¿Por qué recurre el PSOE al Tribunal Constitucional la ley de Costas del PP?

cruz julio¿POR QUÉ RECURRIMOS AL TRIBUNAL CONSTITUCIONAL LA LEY DE

COSTAS DEL PP?

Porque el texto aprobado por el PP viola los artículos 132, 45, 9.3 y

14 de nuestra Constitución

Artículo 132

1. La ley regulará el régimen jurídico de los bienes de dominio público y de los

comunales, inspirándose en los principios de inalienabilidad, imprescriptibilidad

e inembargabilidad, así como su desafectación.

2. Son bienes de dominio público estatal los que determine la ley y, en todo caso,

la zona marítimo-terrestre, las playas, el mar territorial y los recursos naturales

de la zona económica y la plataforma continental.

3. Por ley se regularán el Patrimonio del Estado y el Patrimonio Nacional, su

administración, defensa y conservación.

El dominio público está determinado por la propia Constitución que exige su protección y no

es posible manipular el mandato constitucional tal como ha hecho el PP con la ley que ha

aprobado.

Estamos ante una suerte de caciquismo gubernamental elevado a la categoría de Ley,

mediante la cual el Consejo de Ministros se autoconcede el privilegio de otorgar regalías de

toda índole con cargo a los bienes públicos ubicados en el litoral, prescindiendo del mínimo

procedimiento reglado y de su justificación.

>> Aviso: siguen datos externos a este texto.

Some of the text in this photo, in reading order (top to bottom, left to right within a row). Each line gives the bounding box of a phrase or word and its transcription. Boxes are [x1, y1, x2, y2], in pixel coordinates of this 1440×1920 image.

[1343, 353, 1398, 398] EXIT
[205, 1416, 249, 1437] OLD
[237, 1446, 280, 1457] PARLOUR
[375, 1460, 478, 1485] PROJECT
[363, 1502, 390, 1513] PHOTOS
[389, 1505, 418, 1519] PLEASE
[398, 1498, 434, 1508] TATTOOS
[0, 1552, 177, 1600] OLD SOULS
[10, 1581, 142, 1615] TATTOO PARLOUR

Ninguna razón objetiva le es exigida a este Gobierno que caprichosamente decide eximir a

determinados beneficiarios del cumplimiento de los requisitos generales que limitan los usos

en el dominio público marítimo-terrestre, en detrimento de la inmensa mayoría de ciudadanos

que ni han sido considerados en la Ley, ni pueden conocer los méritos que les permitirían

acceder a tales privilegios.

La Constitución establece para la costa una especial consideración estimando su valor como

ecosistema con una protección que esté alejada de toda especulación. La Ley del PP coloca los

intereses privados por encima del interés general.

Artículo 45

1. Todos tienen el derecho a disfrutar de un medio ambiente adecuado para el

desarrollo de la persona, así como el deber de conservarlo.

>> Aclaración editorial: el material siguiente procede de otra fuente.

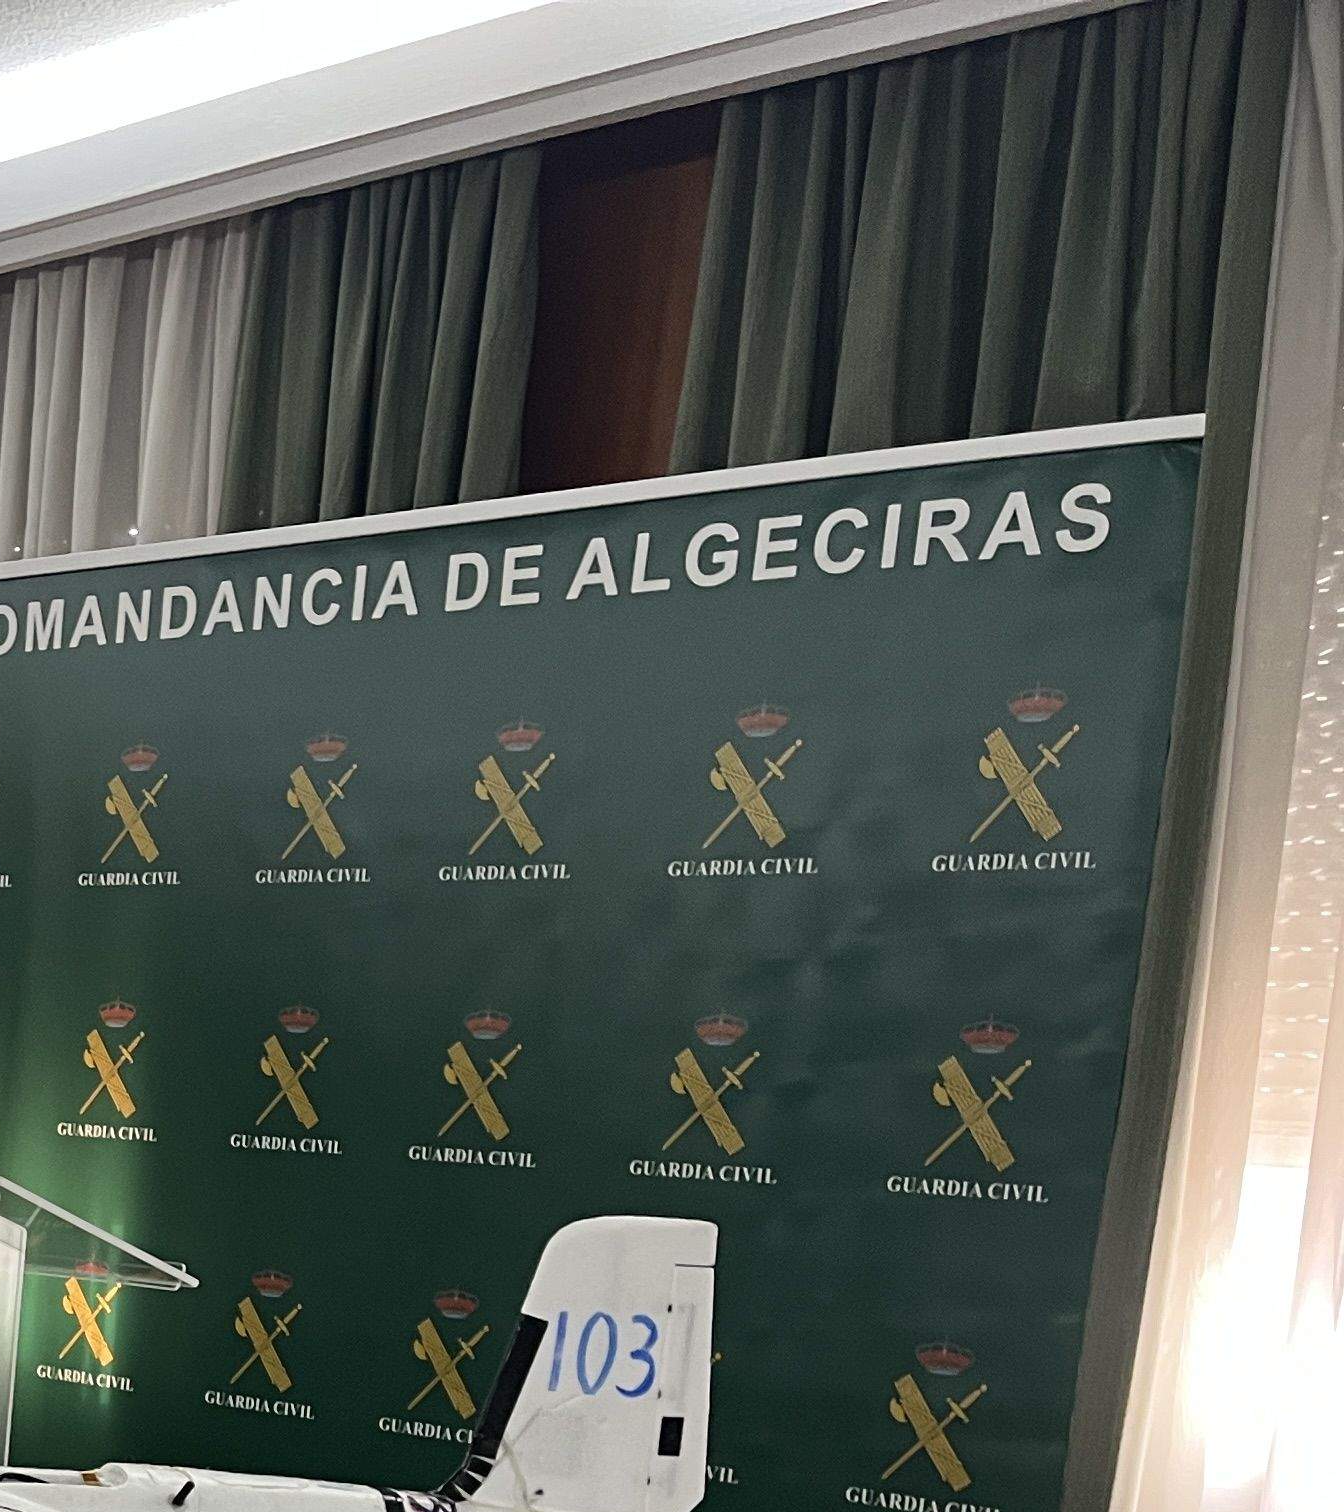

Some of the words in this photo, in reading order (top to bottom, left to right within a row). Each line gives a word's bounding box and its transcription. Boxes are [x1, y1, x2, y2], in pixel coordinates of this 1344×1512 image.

[444, 544, 544, 612] DE
[565, 482, 1112, 600] ALGECIRAS
[438, 865, 517, 881] GUARDIA
[520, 863, 571, 880] CIVIL
[667, 859, 756, 877] GUARDIA
[760, 857, 818, 875] CIVIL
[931, 853, 1028, 872] GUARDIA
[1034, 851, 1096, 870] CIVIL
[77, 872, 139, 887] GUARDIA
[141, 871, 181, 886] CIVIL
[255, 869, 324, 884] GUARDIA
[326, 867, 371, 883] CIVIL
[56, 1122, 116, 1139] GUARDIA
[118, 1126, 157, 1142] CIVIL
[230, 1133, 297, 1152] GUARDIA
[299, 1138, 343, 1155] CIVIL
[408, 1145, 484, 1165] GUARDIA
[488, 1150, 536, 1168] CIVIL
[629, 1159, 715, 1180] GUARDIA
[719, 1165, 777, 1184] CIVIL
[886, 1175, 982, 1199] GUARDIA
[987, 1182, 1049, 1203] CIVIL
[548, 1311, 658, 1398] 103
[36, 1364, 95, 1386] GUARDIA
[95, 1373, 134, 1391] CIVIL
[204, 1390, 270, 1413] GUARDIA
[273, 1400, 315, 1420] CIVIL
[378, 1417, 452, 1441] GUARDIA
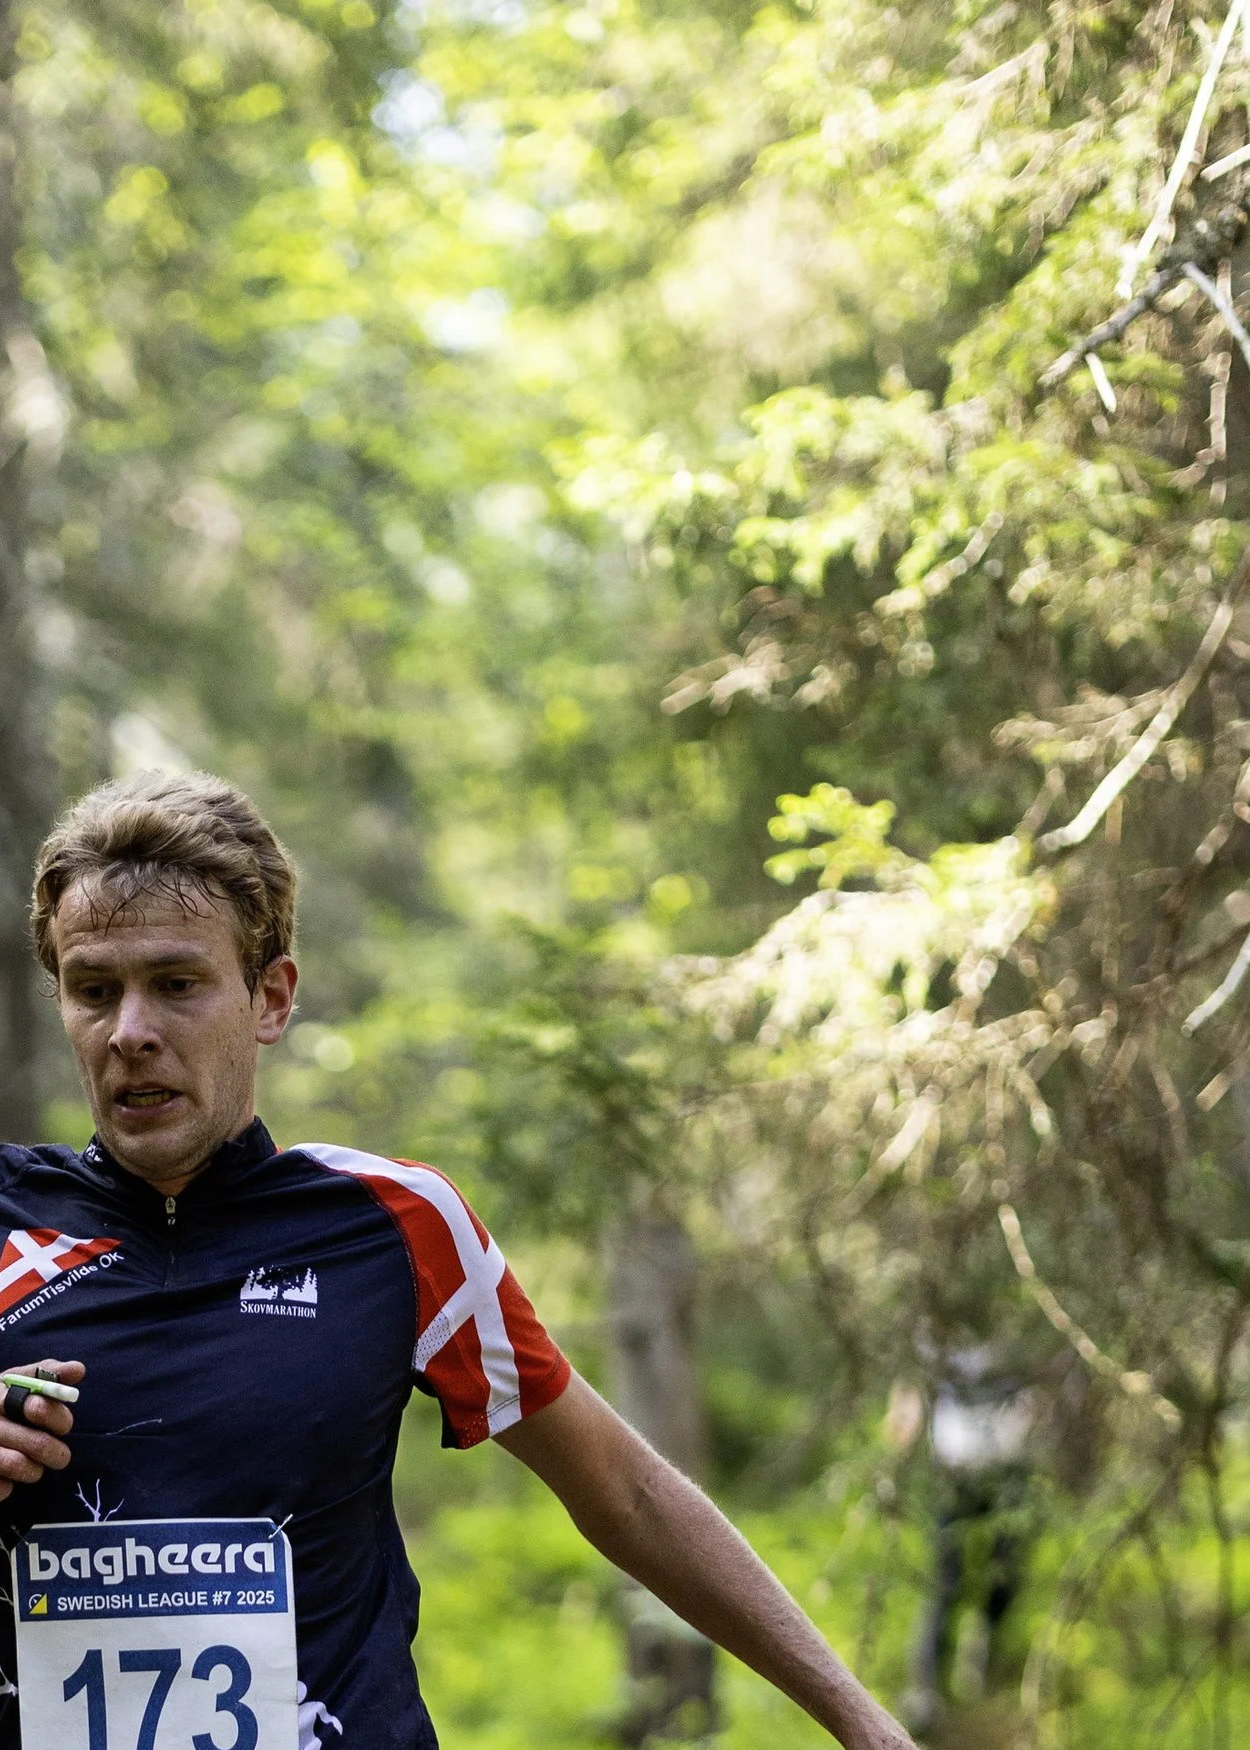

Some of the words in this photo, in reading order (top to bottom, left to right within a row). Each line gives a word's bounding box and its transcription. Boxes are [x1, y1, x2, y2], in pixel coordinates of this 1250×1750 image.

[28, 1537, 276, 1585] bagheera
[57, 1593, 133, 1612] SWEDISH
[138, 1591, 208, 1608] LEAGUE
[212, 1591, 232, 1606] #7
[236, 1590, 275, 1606] 2025

2. Los poderes públicos velarán por la utilización racional de todos los recursos

naturales, con el fin de proteger y mejorar la calidad de la vida y defender y

restaurar el medio ambiente, apoyándose en la indispensable solidaridad

colectiva.

3. Para quienes violen lo dispuesto en el apartado anterior, en los términos que la

ley fije se establecerán sanciones penales o, en su caso, administrativas, así

como la obligación de reparar el daño causado.

Frente a la defensa que cualquier Estado hace hoy de sus recursos naturales, bienes públicos

por excelencia, el Gobierno de España decide regalar en unos casos y malvender en otros su

capital natural más valioso, privando a los ciudadanos de unos bienes cuyo disfrute les

correspondería en términos de igualdad, cediendo su tenencia y en la práctica su propiedad en

exclusiva a aquellos privilegiados cuya capacidad económica o proximidad al Gobierno les sitúa

por encima de los demás.

La Ley aprobada por el PP supone:

– Una rebaja o reducción del nivel de protección de la costa (dominio público,

servidumbre de tránsito y sobre todo de la servidumbre de protección)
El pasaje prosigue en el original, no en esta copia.